* **EXERCISE REQUIREMENTS**:
An exact copy of every record is needed, with the pictures left out.

* **DATA EXTRACT**:
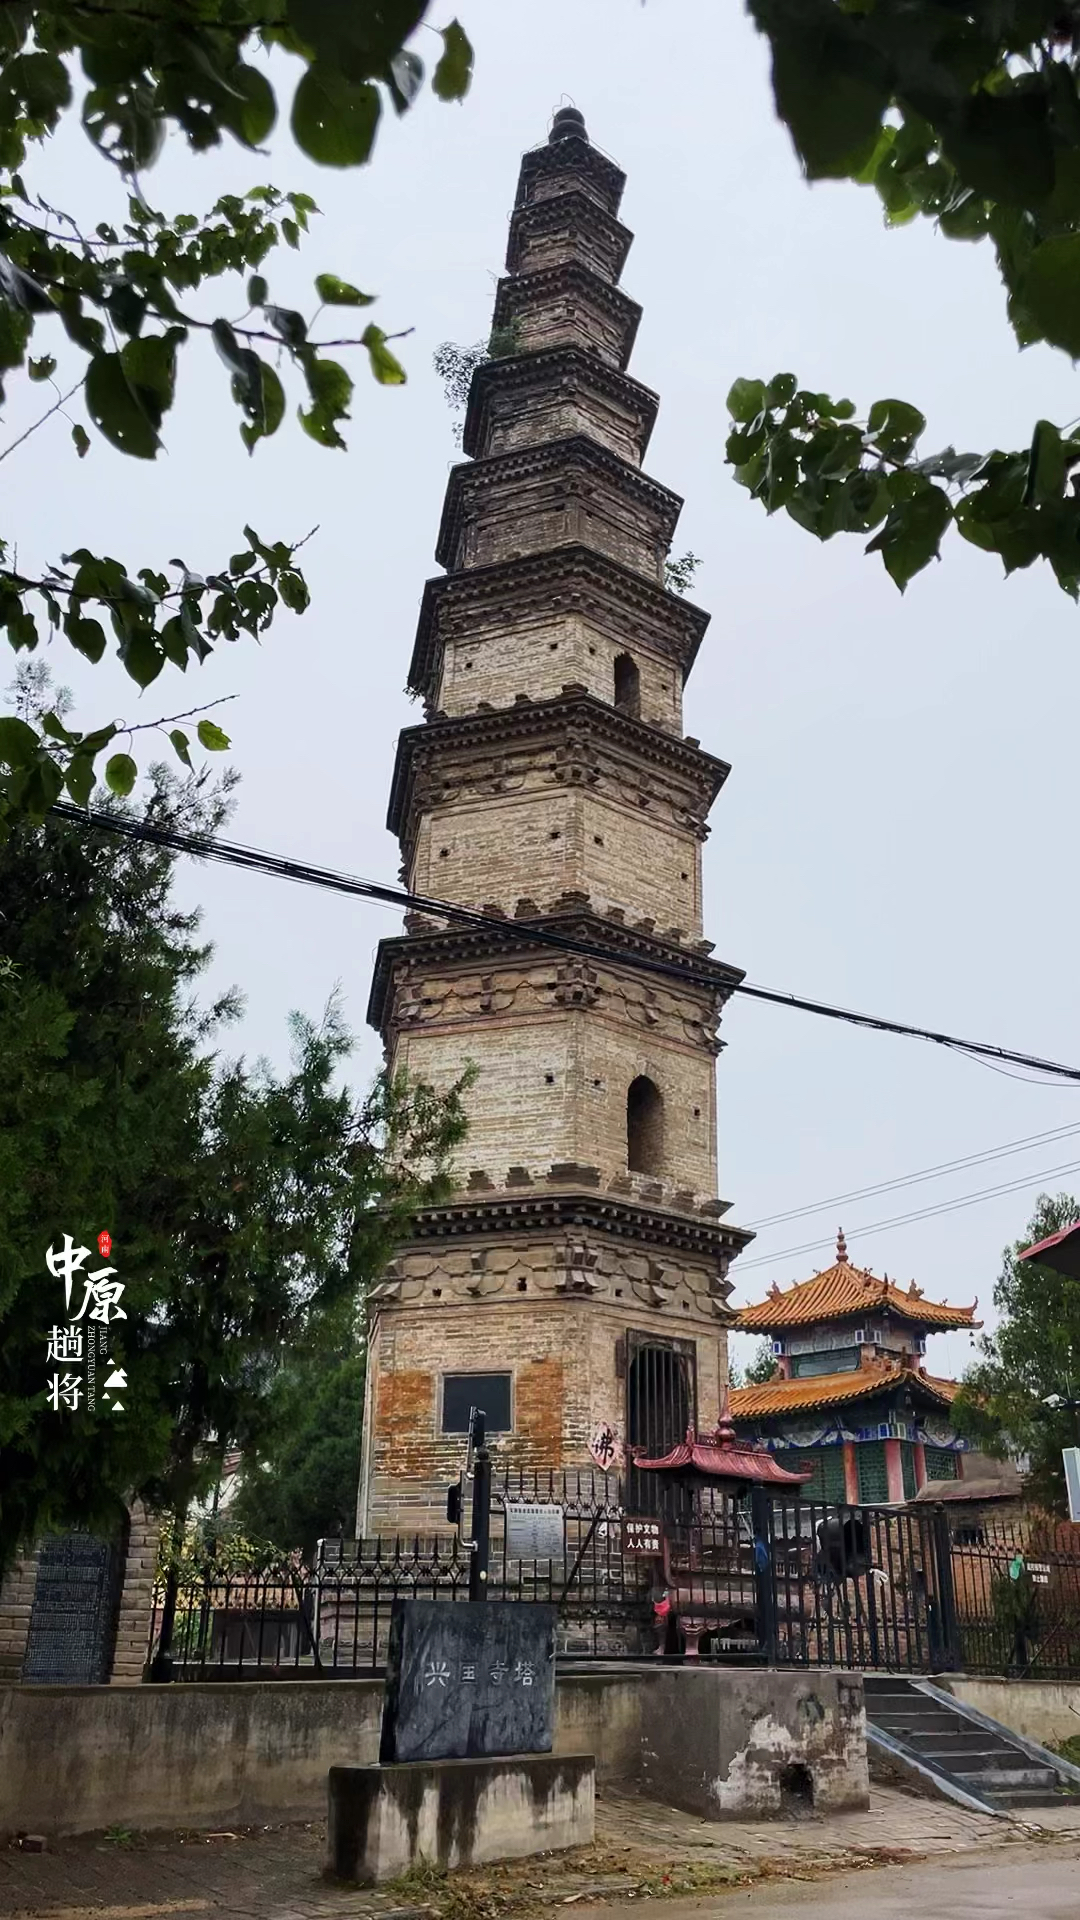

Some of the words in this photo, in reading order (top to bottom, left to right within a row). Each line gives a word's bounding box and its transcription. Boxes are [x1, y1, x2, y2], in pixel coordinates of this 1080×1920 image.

[592, 1429, 615, 1465] 佛
[626, 1523, 659, 1534] 保护文物
[626, 1538, 659, 1550] 人人有责
[425, 1660, 536, 1687] 兴国寺塔

* **SOLUTION TO THIS EXERCISE**:
Some of the words in this photo, in reading order (top to bottom, left to right within a row). Each line gives a word's bounding box and its transcription. Boxes are [x1, y1, x2, y2], in pixel coordinates of this 1080×1920 image.

[592, 1429, 615, 1465] 佛
[626, 1523, 659, 1534] 保护文物
[626, 1538, 659, 1550] 人人有责
[425, 1660, 536, 1687] 兴国寺塔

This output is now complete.